===== PROVIDED RECORDS =====

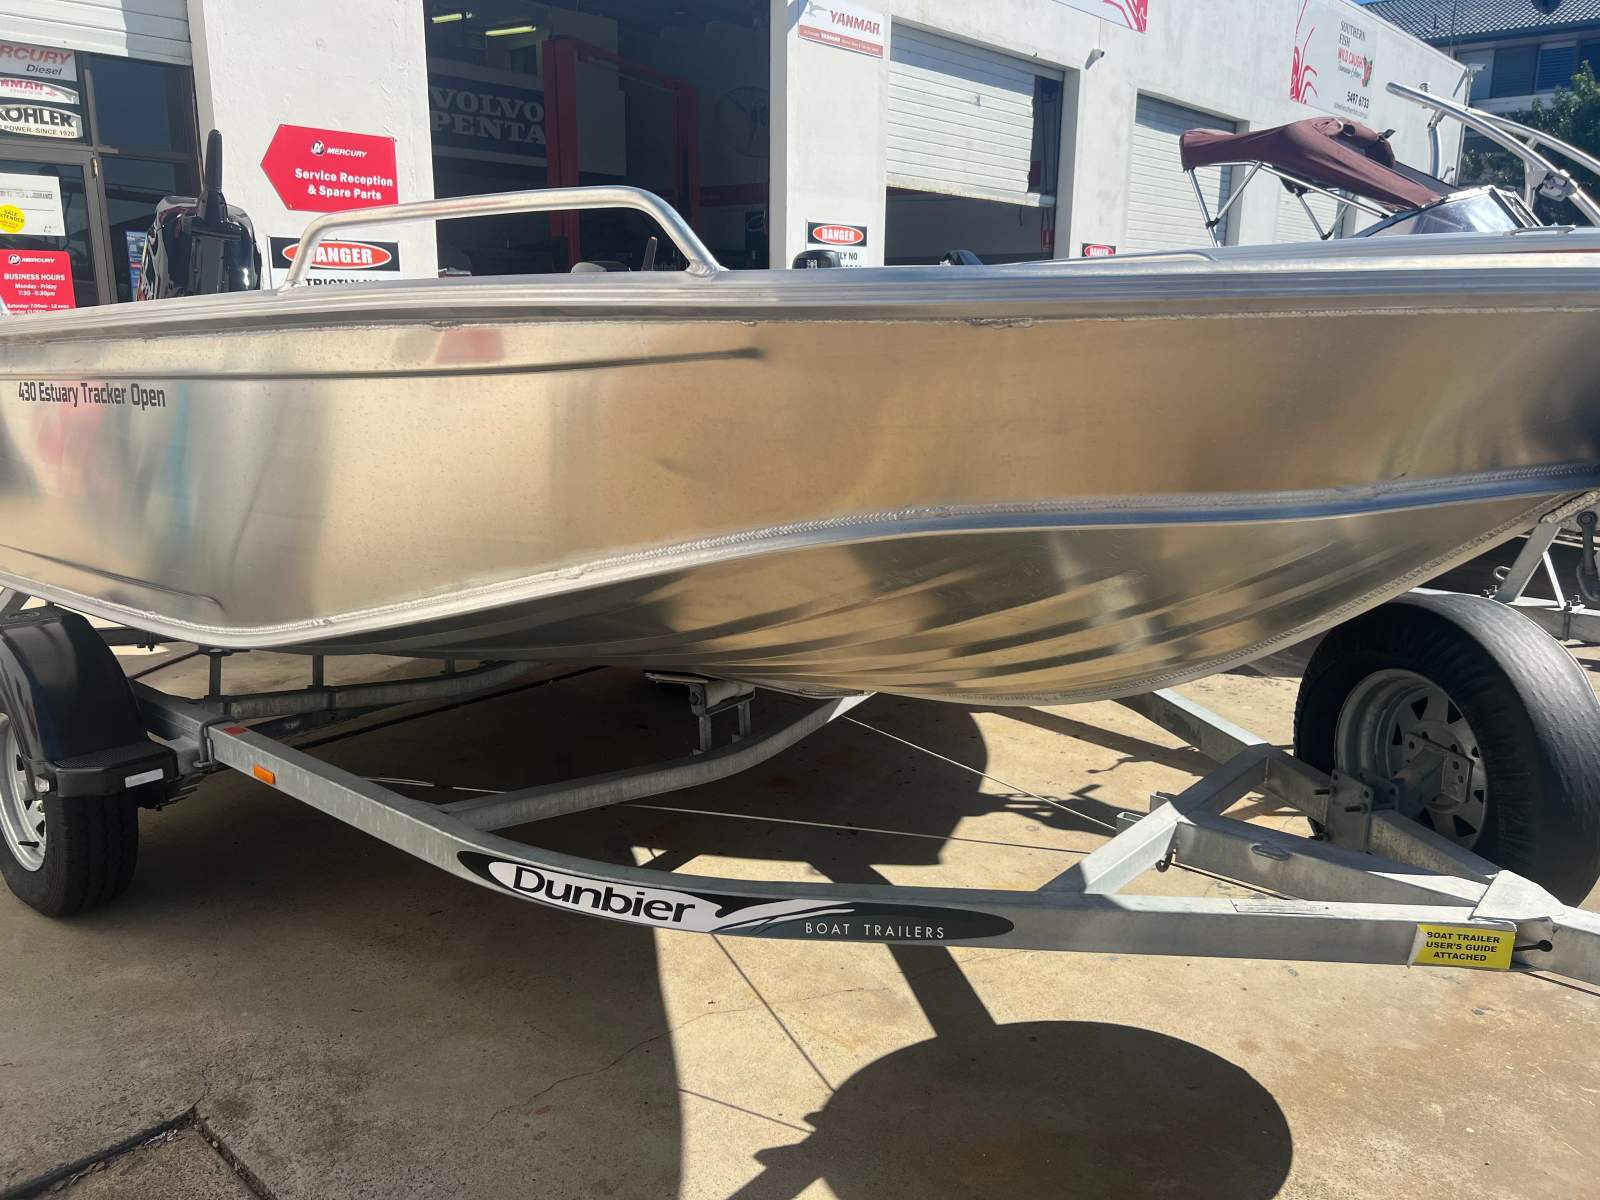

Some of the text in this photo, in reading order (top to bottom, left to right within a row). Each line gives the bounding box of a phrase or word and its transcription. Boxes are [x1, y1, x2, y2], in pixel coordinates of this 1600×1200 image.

[830, 10, 881, 35] YANMAR
[1341, 20, 1366, 41] SOUTHERN
[1340, 33, 1350, 48] FISH
[0, 44, 73, 64] RCURY
[26, 64, 62, 75] Diesel
[430, 86, 545, 123] VOLVO
[430, 110, 546, 145] PENTA
[326, 147, 367, 158] MERCURY
[295, 168, 393, 187] Service Reception
[307, 184, 382, 200] & Spare Parts
[822, 228, 855, 241] DANGER
[314, 246, 373, 264] ANGER
[18, 382, 166, 411] 430 Estuary Tracker Open
[512, 866, 696, 923] Dunbier
[805, 922, 945, 939] BOAT TRAILERS
[1456, 933, 1501, 944] TRAILER
[1425, 941, 1498, 953] USER'S GUIDE
[1433, 951, 1487, 962] ATTACHED

=====

Please reproduce the records above exactly and leave any picture behind.

# [COMPLETED EXERCISE]
Some of the text in this photo, in reading order (top to bottom, left to right within a row). Each line gives the bounding box of a phrase or word and its transcription. Boxes are [x1, y1, x2, y2], in pixel coordinates of this 1600×1200 image.

[830, 10, 881, 35] YANMAR
[1341, 20, 1366, 41] SOUTHERN
[1340, 33, 1350, 48] FISH
[0, 44, 73, 64] RCURY
[26, 64, 62, 75] Diesel
[430, 86, 545, 123] VOLVO
[430, 110, 546, 145] PENTA
[326, 147, 367, 158] MERCURY
[295, 168, 393, 187] Service Reception
[307, 184, 382, 200] & Spare Parts
[822, 228, 855, 241] DANGER
[314, 246, 373, 264] ANGER
[18, 382, 166, 411] 430 Estuary Tracker Open
[512, 866, 696, 923] Dunbier
[805, 922, 945, 939] BOAT TRAILERS
[1456, 933, 1501, 944] TRAILER
[1425, 941, 1498, 953] USER'S GUIDE
[1433, 951, 1487, 962] ATTACHED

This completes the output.